__What is required__.
A faithful copy of the entries is needed, one that leaves out the pictures.

━━ Information provided ━━

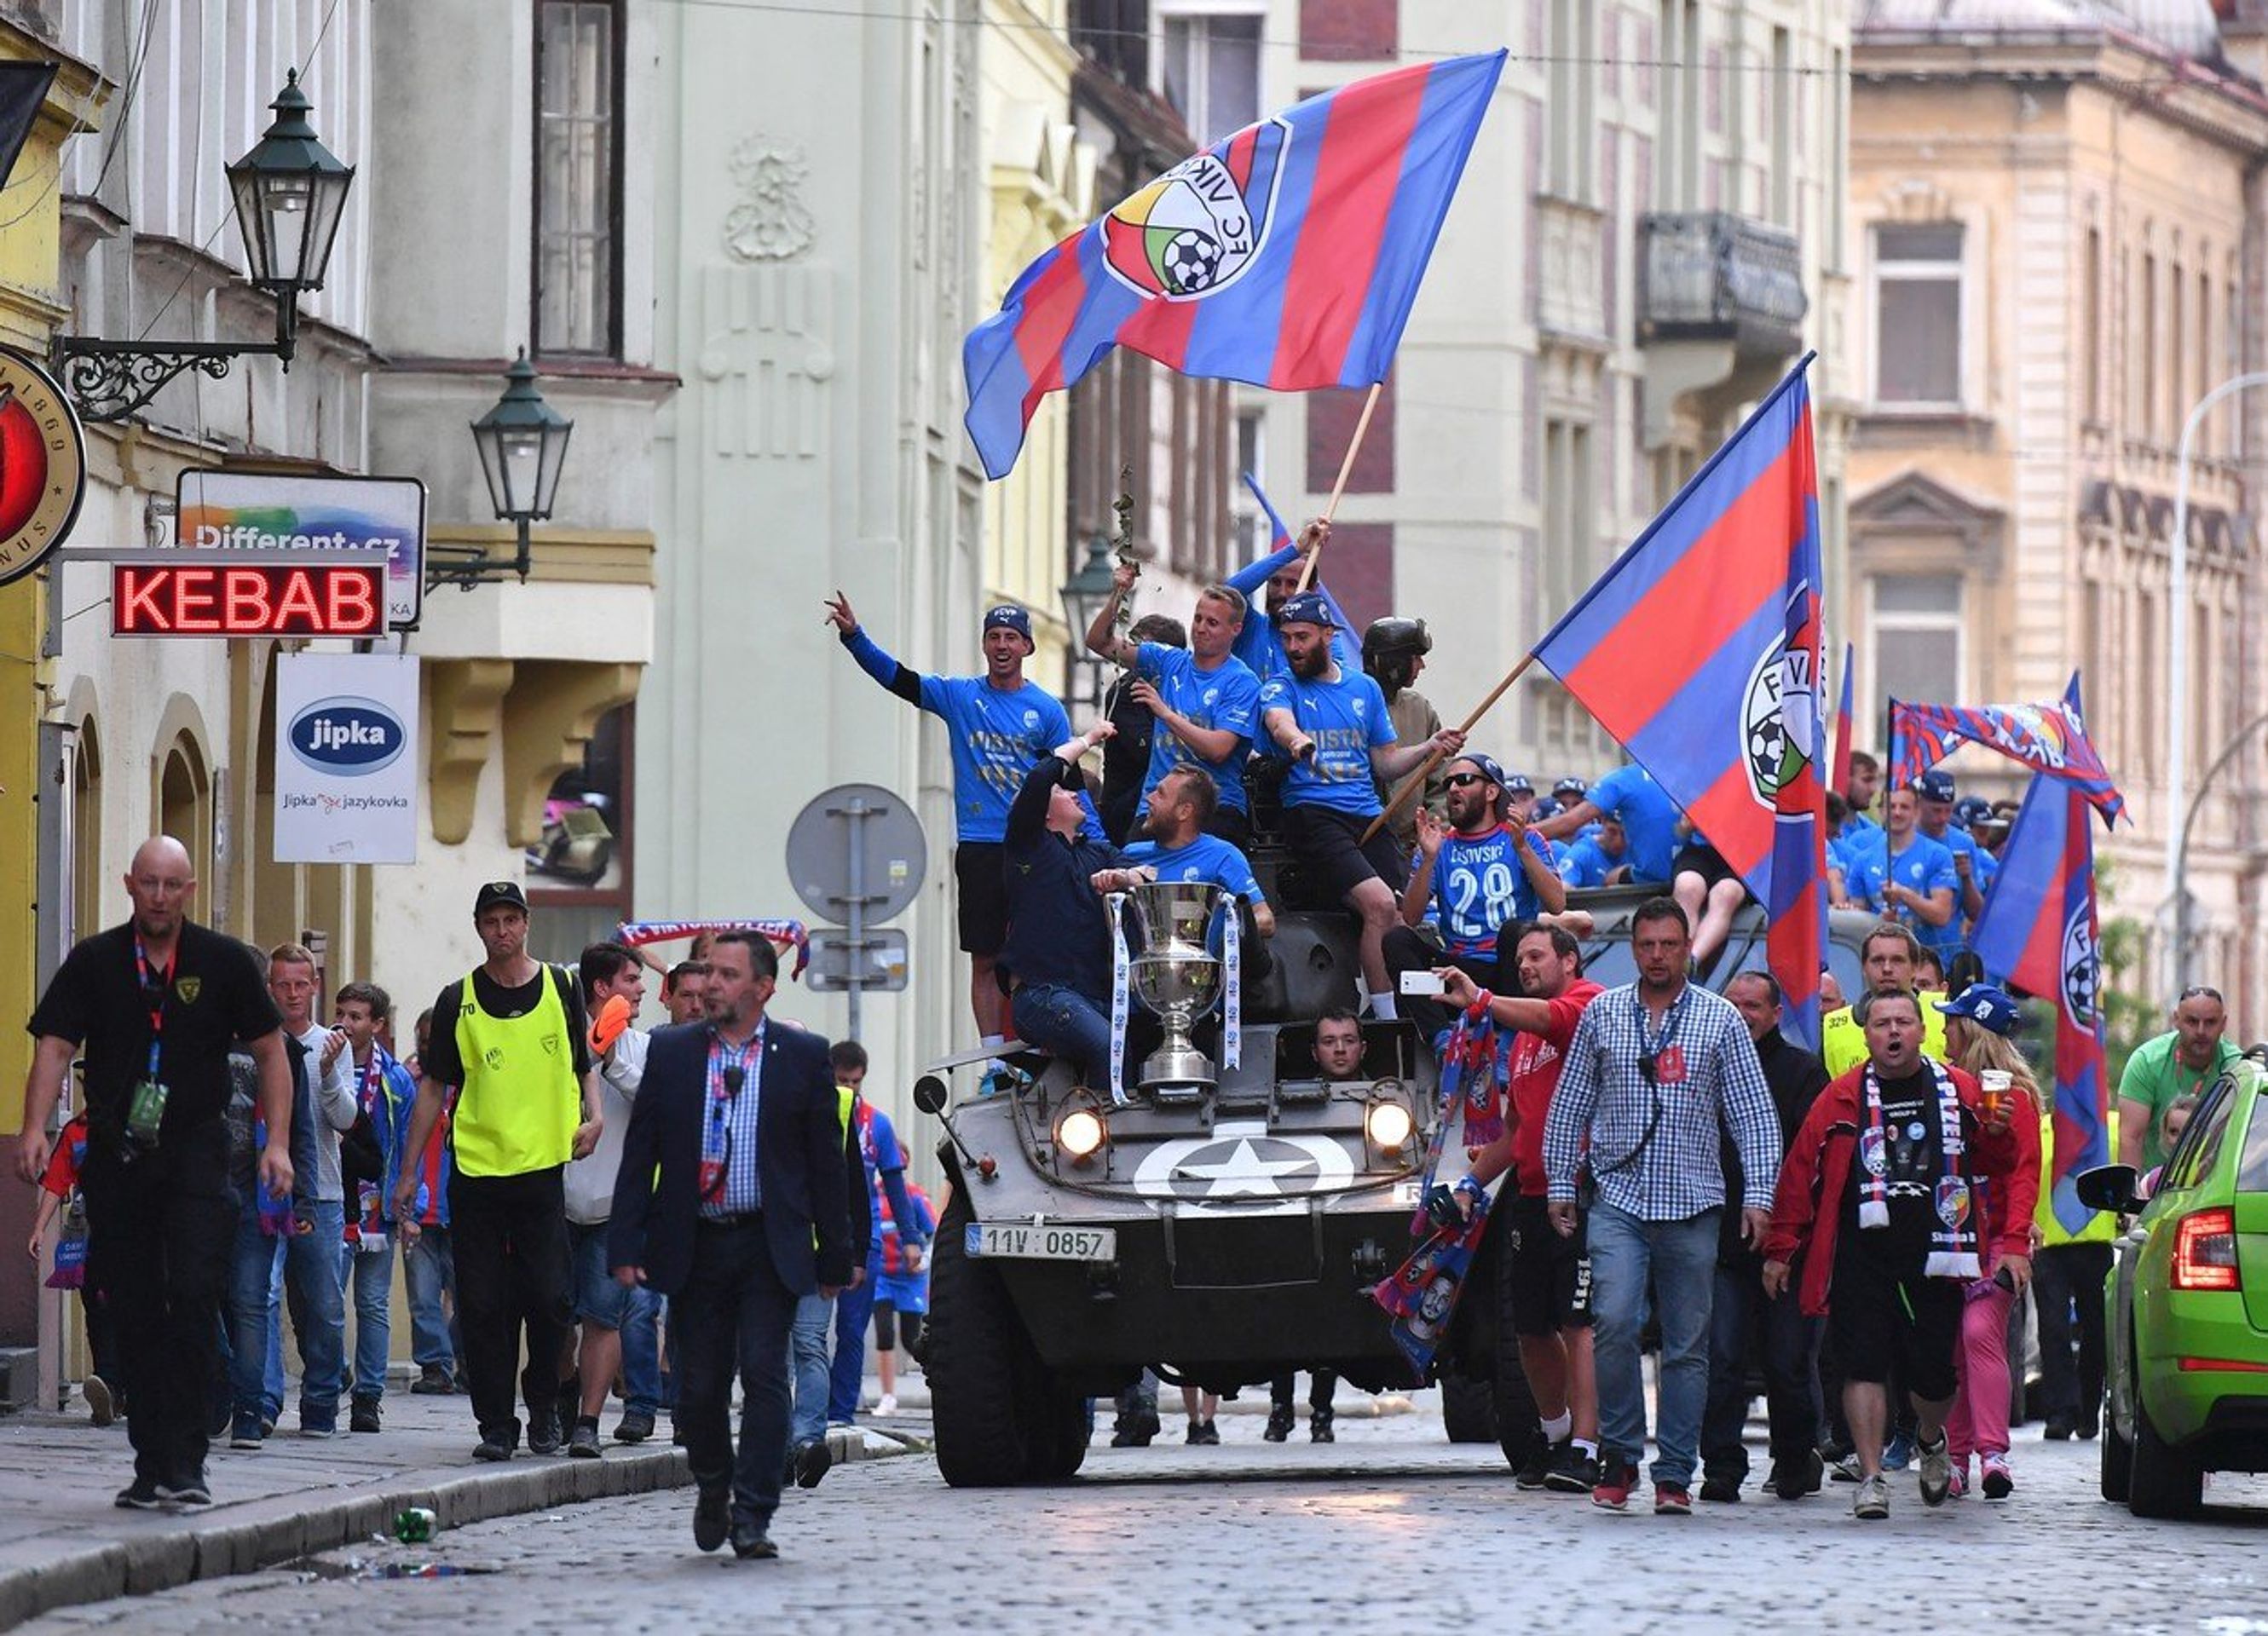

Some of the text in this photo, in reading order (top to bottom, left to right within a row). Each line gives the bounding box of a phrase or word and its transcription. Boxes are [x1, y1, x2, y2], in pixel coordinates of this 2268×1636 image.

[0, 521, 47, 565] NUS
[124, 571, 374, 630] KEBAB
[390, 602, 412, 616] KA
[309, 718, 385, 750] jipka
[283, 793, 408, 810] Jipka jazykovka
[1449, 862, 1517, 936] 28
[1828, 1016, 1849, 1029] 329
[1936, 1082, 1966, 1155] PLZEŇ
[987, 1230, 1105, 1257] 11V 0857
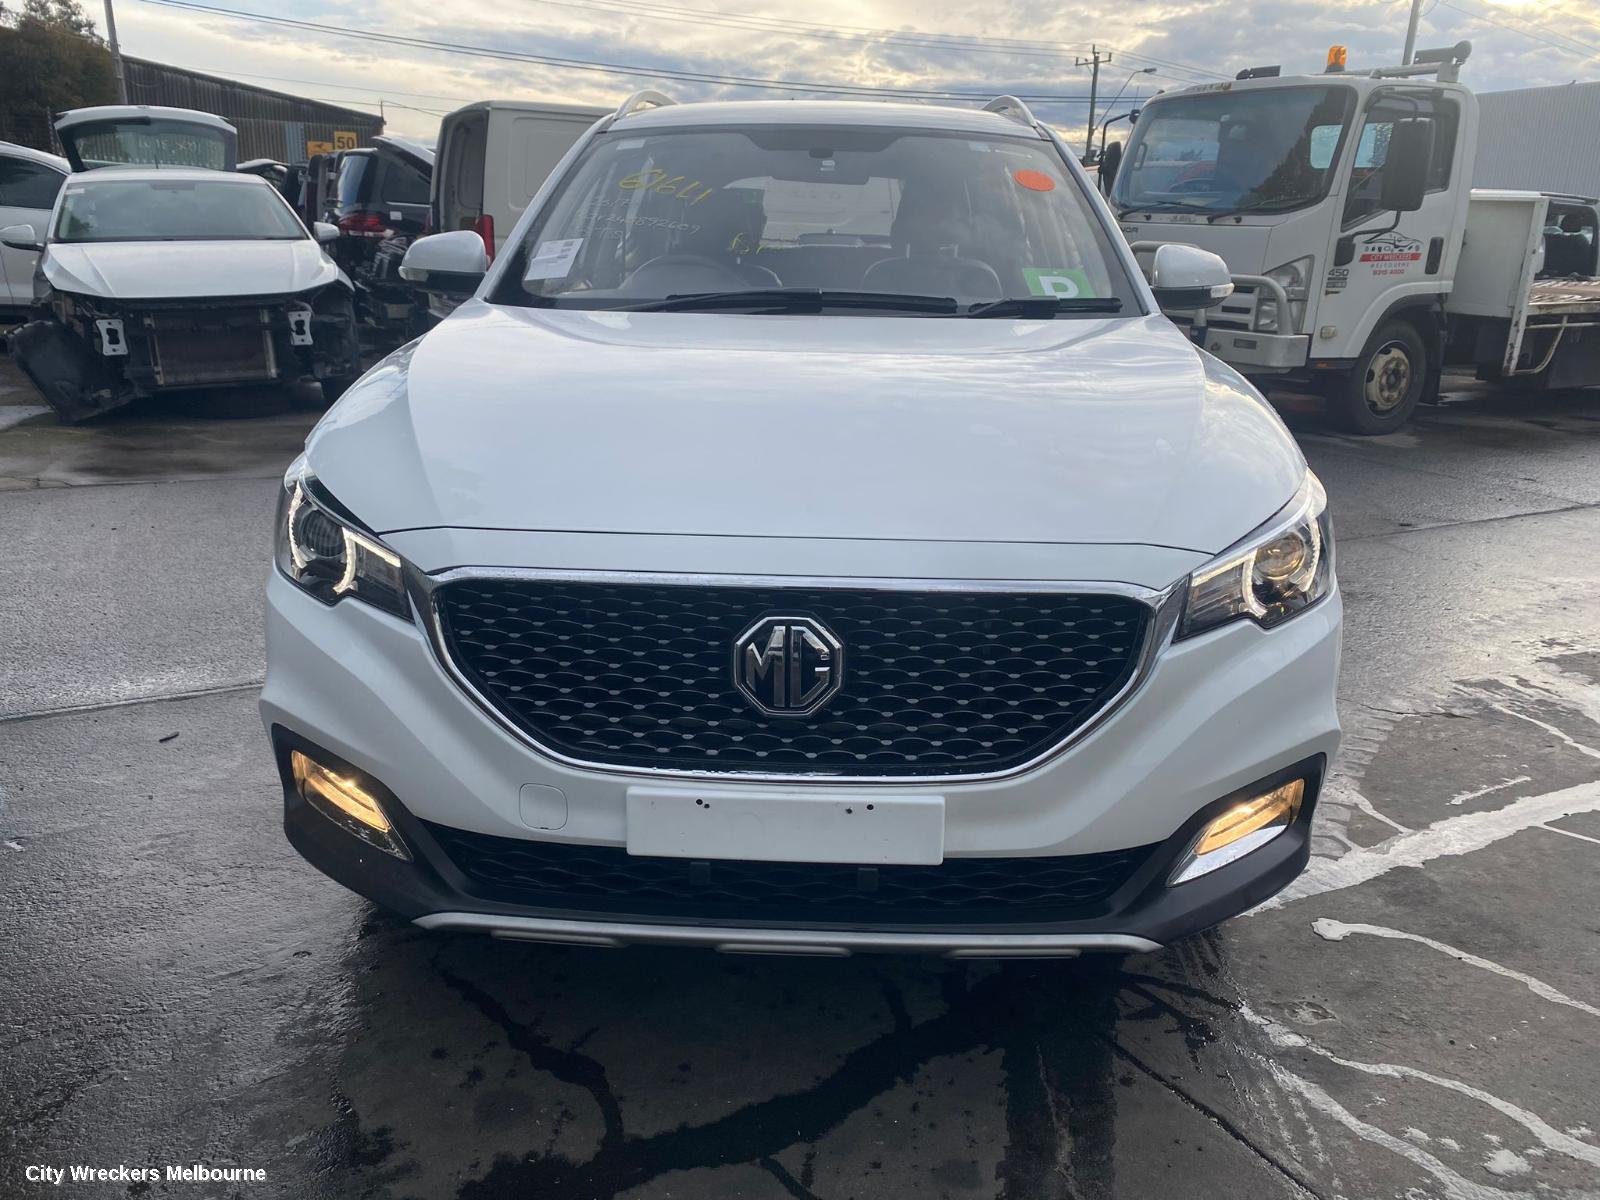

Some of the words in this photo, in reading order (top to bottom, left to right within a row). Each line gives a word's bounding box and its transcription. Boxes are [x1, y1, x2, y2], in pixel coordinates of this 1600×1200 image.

━━━

__Finished exercise__.
Some of the text in this photo, in reading order (top to bottom, left to right within a row). Each line gives the bounding box of a phrase or word and its transcription. Boxes are [x1, y1, x2, y2], in pixel coordinates of this 2268×1636 image.

[0, 521, 47, 565] NUS
[124, 571, 374, 630] KEBAB
[390, 602, 412, 616] KA
[309, 718, 385, 750] jipka
[283, 793, 408, 810] Jipka jazykovka
[1449, 862, 1517, 936] 28
[1828, 1016, 1849, 1029] 329
[1936, 1082, 1966, 1155] PLZEŇ
[987, 1230, 1105, 1257] 11V 0857

Some of the words in this photo, in reading order (top to bottom, left to right within a row). Each line gives a word's bounding box and its transcription. Boxes are [x1, y1, x2, y2], in pixel coordinates of this 1600×1200 image.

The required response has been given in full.